● What is needed: Would you please copy all of the data exactly, skipping the images?

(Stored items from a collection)
*-*-*

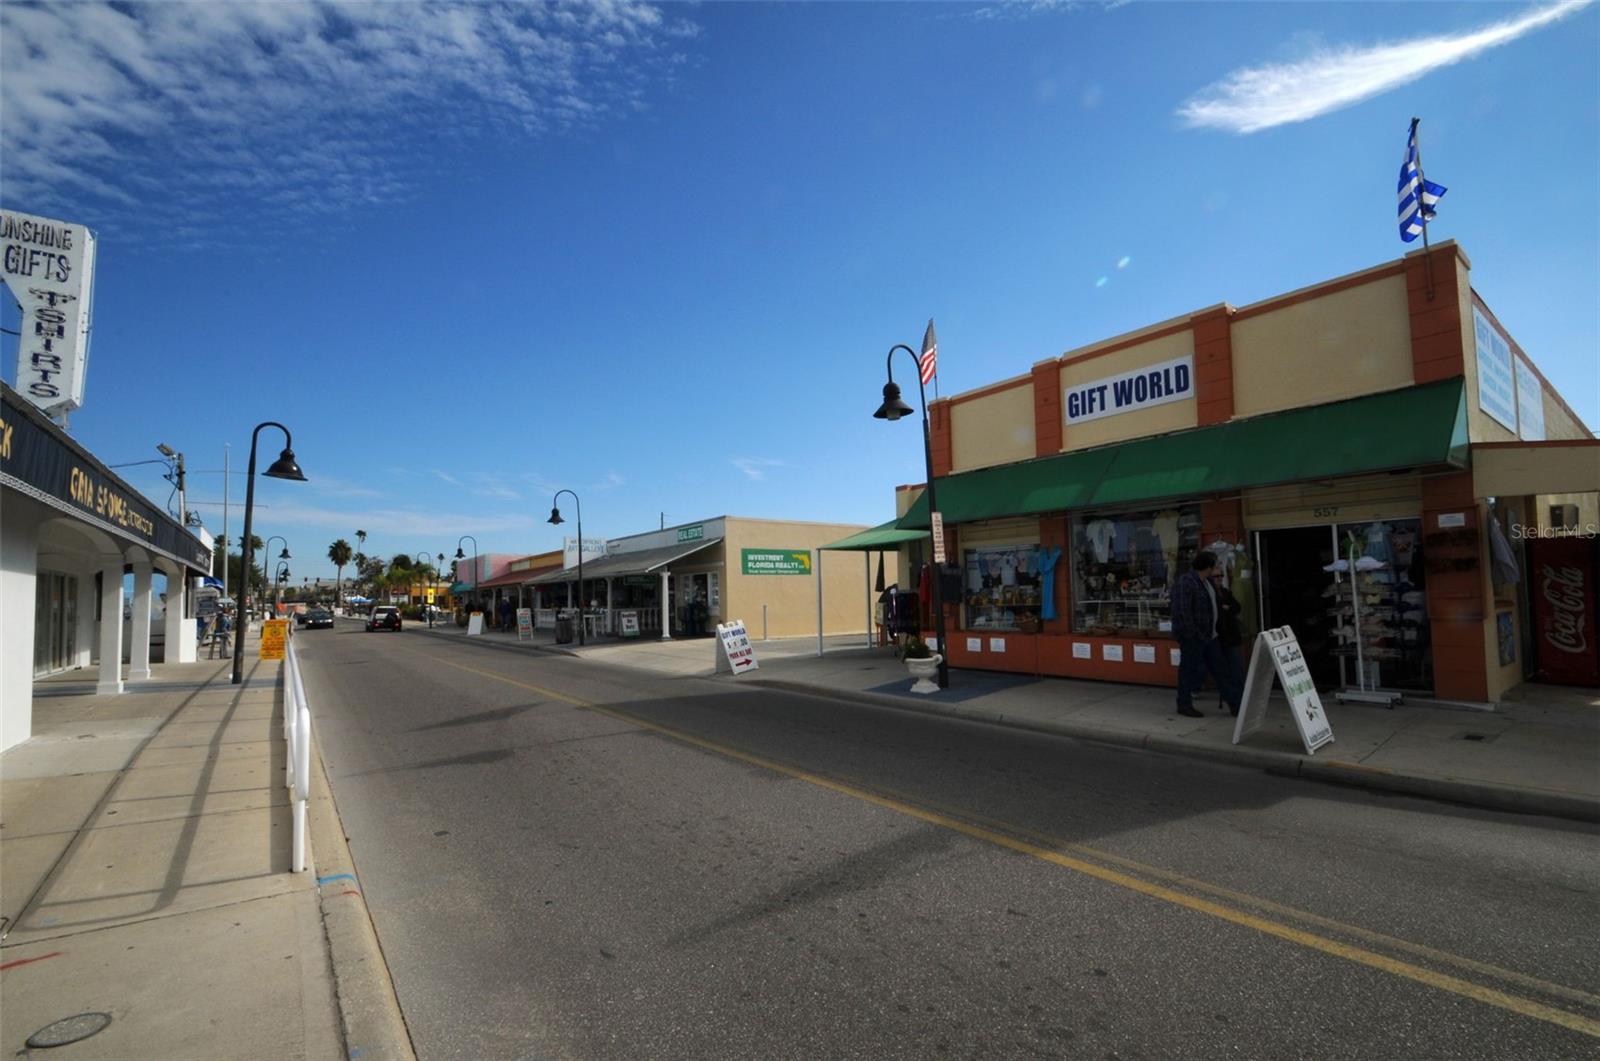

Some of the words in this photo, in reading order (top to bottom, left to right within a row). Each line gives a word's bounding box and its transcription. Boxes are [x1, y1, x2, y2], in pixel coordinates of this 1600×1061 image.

[4, 244, 72, 283] GIFTS
[1068, 385, 1108, 418] GIFT
[1113, 364, 1190, 408] WORLD
[1313, 506, 1339, 518] 557

*-*-*

● Exercise result:
Some of the words in this photo, in reading order (top to bottom, left to right within a row). Each line gives a word's bounding box and its transcription. Boxes are [x1, y1, x2, y2], in pixel coordinates of this 1600×1061 image.

[4, 244, 72, 283] GIFTS
[1068, 385, 1108, 418] GIFT
[1113, 364, 1190, 408] WORLD
[1313, 506, 1339, 518] 557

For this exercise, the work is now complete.